Ma a Pavone Canavese i compaesani del tabaccaio organizzano una fiaccolata in suo sostegno.
Perché? Perché a quanto pare aveva subito già diversi furti.
Evidentemente, se ti derubano diverse volte, poi scatta un bonus e tu puoi uccidere impunemente il ladro, anche se è inoffensivo e tu non sei in pericolo.

In pratica, se rubi qualcosa al supermercato e la guardia giurata ti spara e ti ammazza, per questa gente è legittimo, perché magari non sei il primo a farlo.
Per molti nostri concittadini, ormai, è legittima l’esecuzione sommaria.
Niente polizia, niente giudice né legge.
Hai rubato? Loro ti ammazzano.
Specialmente se non sei italiano, ma moldavo. In quel caso te la sei proprio andata a cercare.

E la cosa davvero curiosa è che questa concezione leghista del furto si applica solo se rubi qualcosa di piccolo, solido, tangibile, come le sigarette o un pacco di cracker al supermercato.
Se evadi le tasse o derubi lo Stato, ovvero sottrai soldi a tutti noi, invece, sei un eroe.

Statisticamente, tra i duemila partecipanti alla fiaccolata, ci saranno stati diversi evasori totali.
Ovvero gente che deruba la collettività, magari per decine di migliaia di euro.
Ma probabilmente nessuno avrebbe ritenuto lecito sparare addosso a quelli.
Come nessuno penserebbe che sia lecito sparare addosso ai leghisti per aver rubato 49 milioni di euro.

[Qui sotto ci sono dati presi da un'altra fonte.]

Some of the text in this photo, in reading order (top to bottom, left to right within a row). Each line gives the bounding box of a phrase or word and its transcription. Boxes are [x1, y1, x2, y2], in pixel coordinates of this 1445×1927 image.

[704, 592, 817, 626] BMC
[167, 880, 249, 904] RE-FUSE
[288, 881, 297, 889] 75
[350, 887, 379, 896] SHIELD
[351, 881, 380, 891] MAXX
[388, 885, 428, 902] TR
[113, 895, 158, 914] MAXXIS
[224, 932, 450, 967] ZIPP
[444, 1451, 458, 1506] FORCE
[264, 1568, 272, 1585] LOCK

Ormai siamo regrediti a una forma mentis ancestrale, precedente alla legge del taglione, che almeno prevedeva una serie di pene codificate e commisurate al crimine commesso.
Siamo tornati ai tempi della giustizia privata, roba di migliaia di anni fa.
Non chiamatelo “medioevo”; il medioevo era estremamente più evoluto di quello che hanno in testa molti italiani odierni.

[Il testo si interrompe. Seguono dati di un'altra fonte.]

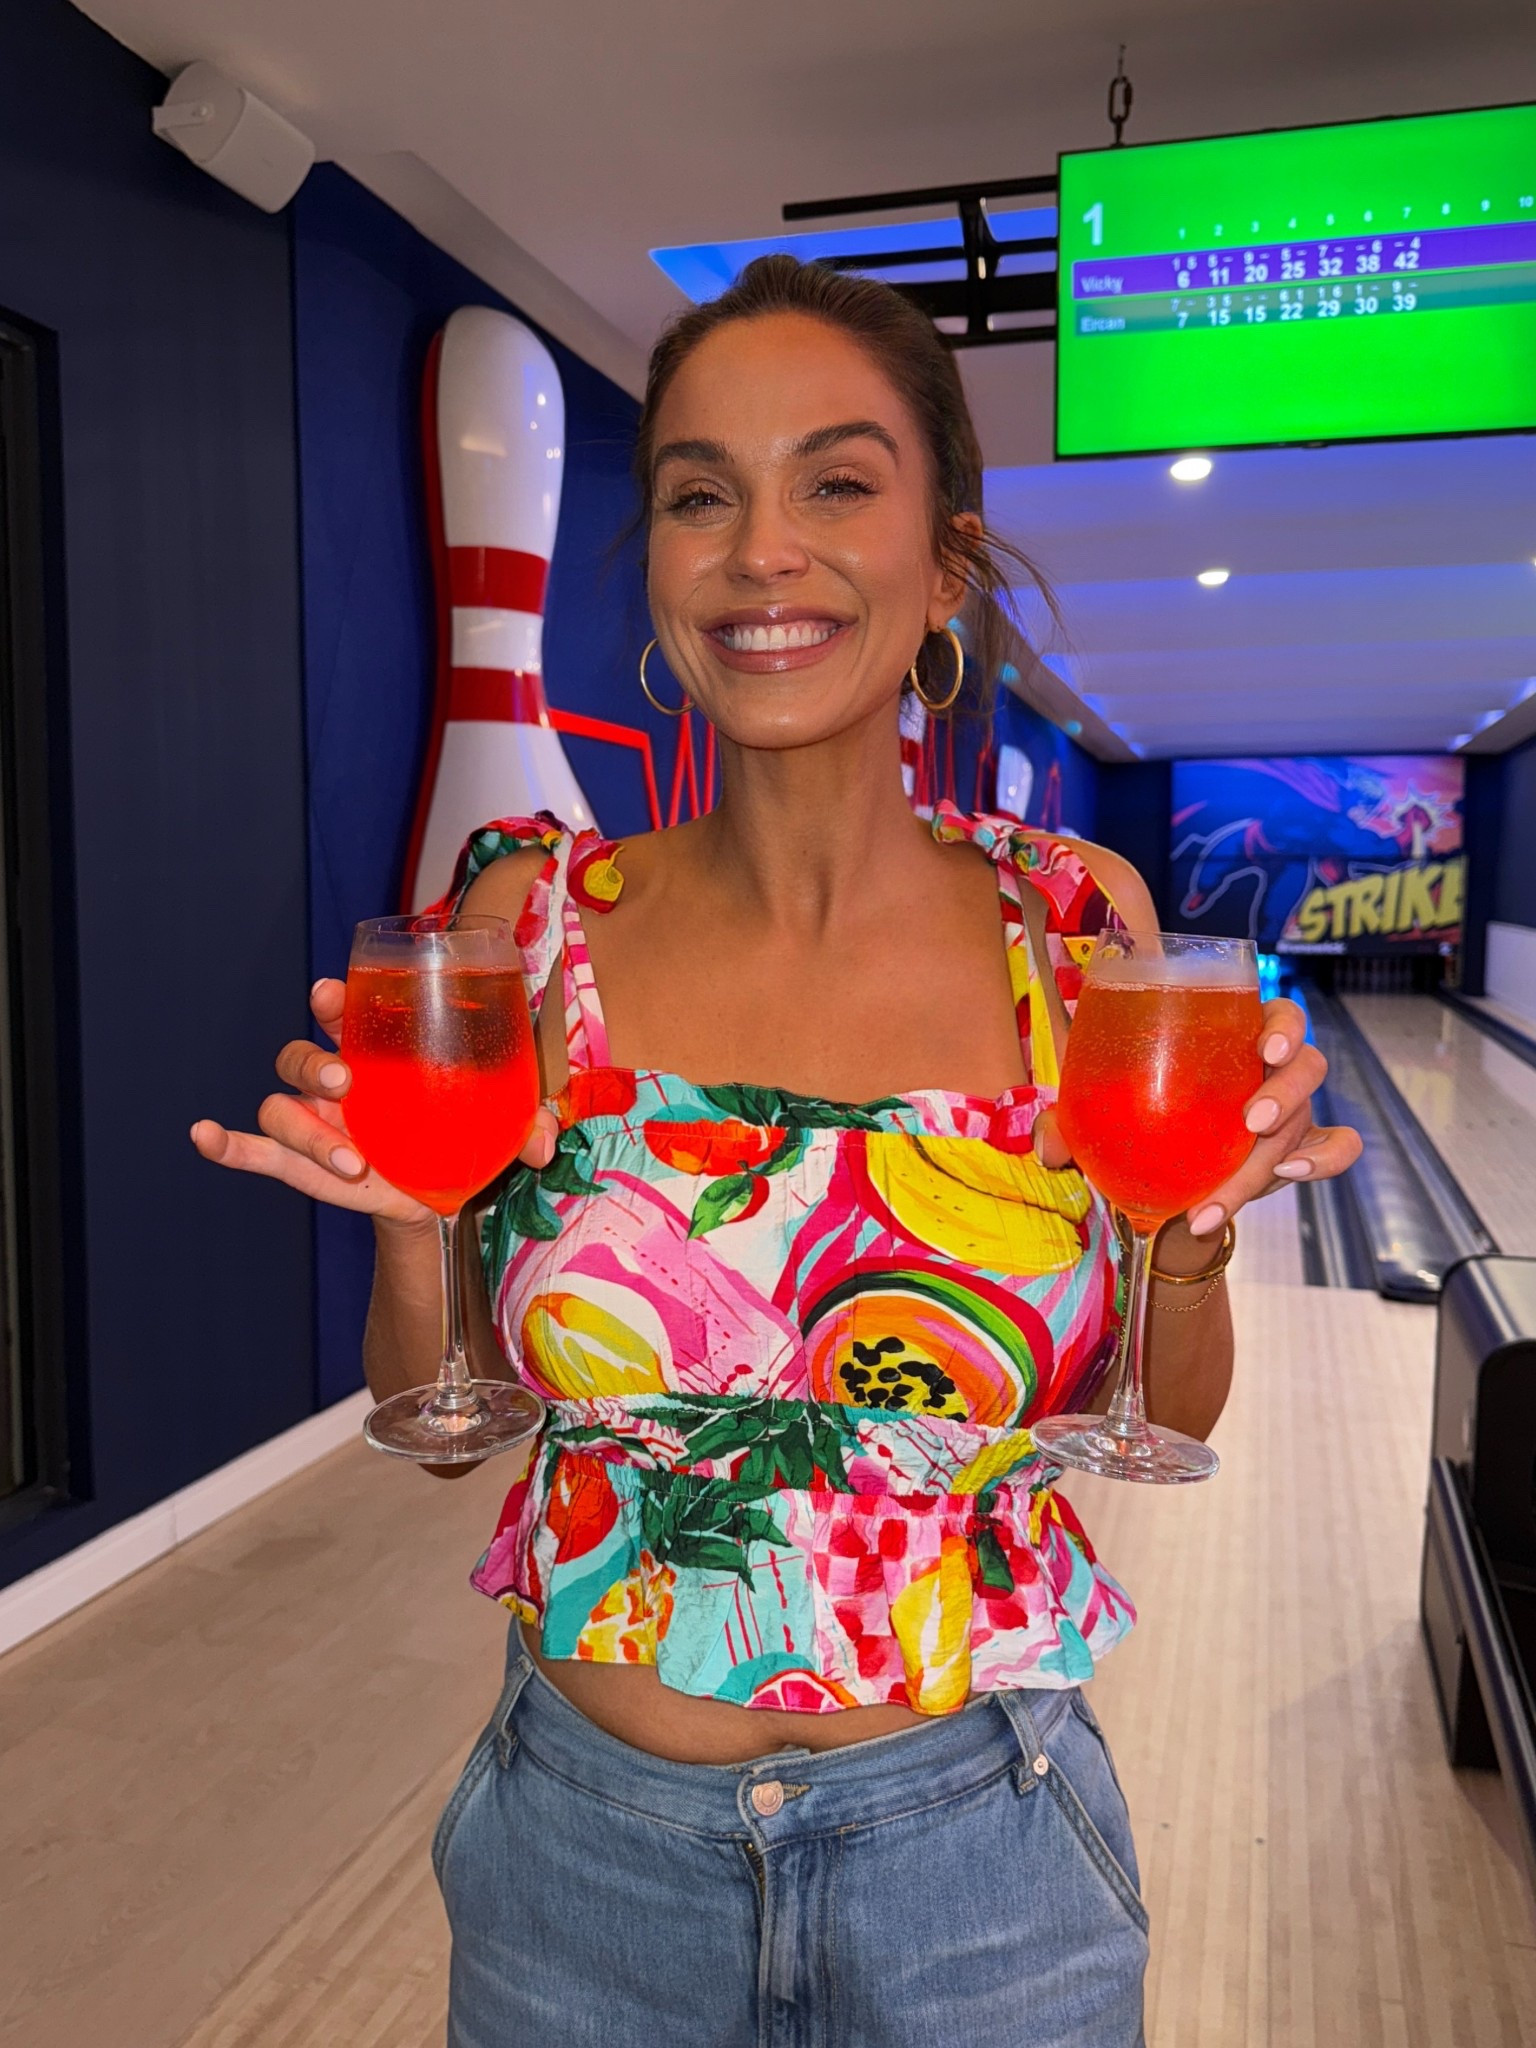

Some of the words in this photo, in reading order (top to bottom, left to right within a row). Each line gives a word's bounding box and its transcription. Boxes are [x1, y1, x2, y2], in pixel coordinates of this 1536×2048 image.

Salvini ci ha riportati, con la sua propaganda, ad una concezione del diritto antecedente al codice di Hammurabi, ovvero a più di 3800 anni fa.

Si ricordano di vivere nel 2019 solo quando sventolano il rosario e il Vangelo per dimostrare la propria “identità cristiana”.
Esatto, il Vangelo.
Quello dove c’è uno che comanda di porgere l’altra guancia.
Ma chi l’ha letto mai davvero?
Siamo seri.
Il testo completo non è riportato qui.